Its development kick-started Terra Nova and White Rose, the province's two other offshore oil projects currently in operation on the Grand Banks.

"It is the foundation of the Newfoundland oil and gas industry, which is powering the provincial economy," said Paul Sacuta, president of the Hibernia Management and Development Co.

N.L. moving beyond have-not status

Indeed, Hibernia has played a major role in Newfoundland's march to shed its have-not status, which it is poised to do within the next two years— just as the Leduc oil discovery of 1947 did for Alberta.

While Newfoundland's offshore energy sector is much smaller than Alberta's onshore industry, the revenue it generates has fuelled the growing economy on the Avalon Peninsula and, by extension, the province as a whole.

By the end of 2006, Hibernia had poured $1.2 billion into Newfoundland's coffers.

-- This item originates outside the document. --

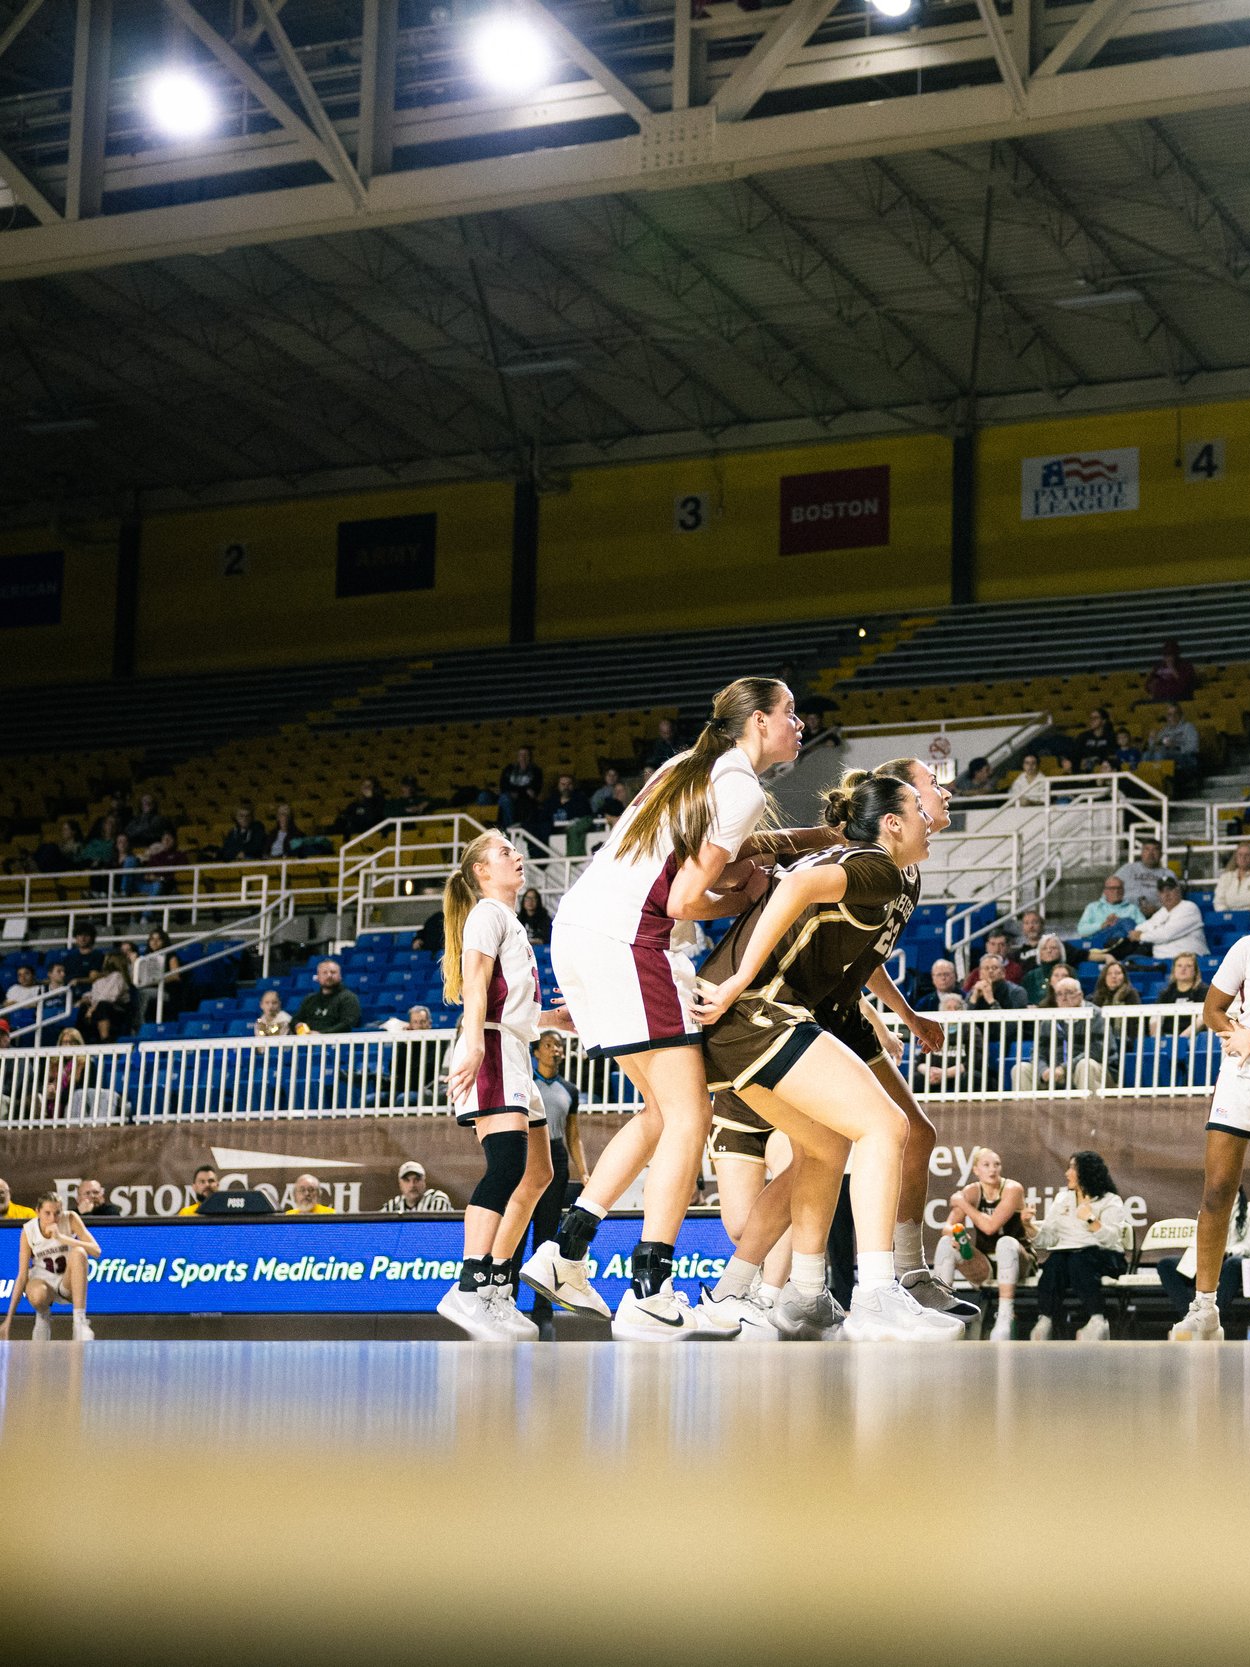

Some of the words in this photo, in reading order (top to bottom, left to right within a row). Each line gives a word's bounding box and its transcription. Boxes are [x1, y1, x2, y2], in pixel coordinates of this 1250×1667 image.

But the project has also generated $8.8 billion for the consortium of oil companies behind it and another $4.8 billion for the federal government, according to provincial figures.

That disparity has fuelled Premier Danny Williams's aggressive pursuit of equity stakes in the offshore sector, particularly the 8.5 per cent share Ottawa holds in Hibernia. But so far, the federal government has rejected his demand.

Earlier this year, Williams announced Newfoundland would seek a 10 per cent ownership stake in all future oil and gas projects after he secured 4.9 per cent of the proposed Hebron development and five per cent of the expanded White Rose project.

Meanwhile, the province continues to enjoy consecutive budget surpluses and related spinoff benefits from the burgeoning industry.

"No question that a lot of the economic growth in sectors outside the oil industry has been driven in large part by a maturing and developing oil and gas business," said Mark King, a spokesman for the St. John's Board of Trade.

"The spinoff activity from hospitality to service-based businesses to others— you can really attribute that in large part to the oil-driven growth that we've enjoyed in recent years especially."

Small towns still hurting

But outside St. John's, there is little evidence of boom times.

While new restaurants, boutique hotels and shops crop up in the capital, the province's outports still bear the signs of a depressed economy.

Young men and women continue to leave small towns in droves,forced out by a lack of steady work.

Two weeks ago, in yet another example of the growing divide between rural and urban Newfoundland, a crab plant in Trouty, on the Bonavista Peninsula, was shut down, putting 200 people out of work.

But if oil prices remain at record highs and other developments such as Hibernia South and Hebron proceed, the riches from the offshore will continue to flow, Locke said.

"[Hibernia] was the dawn of a new era," he said.

"That, in conjunction with the other projects and the future projects, are what's going to make a difference for Newfoundland."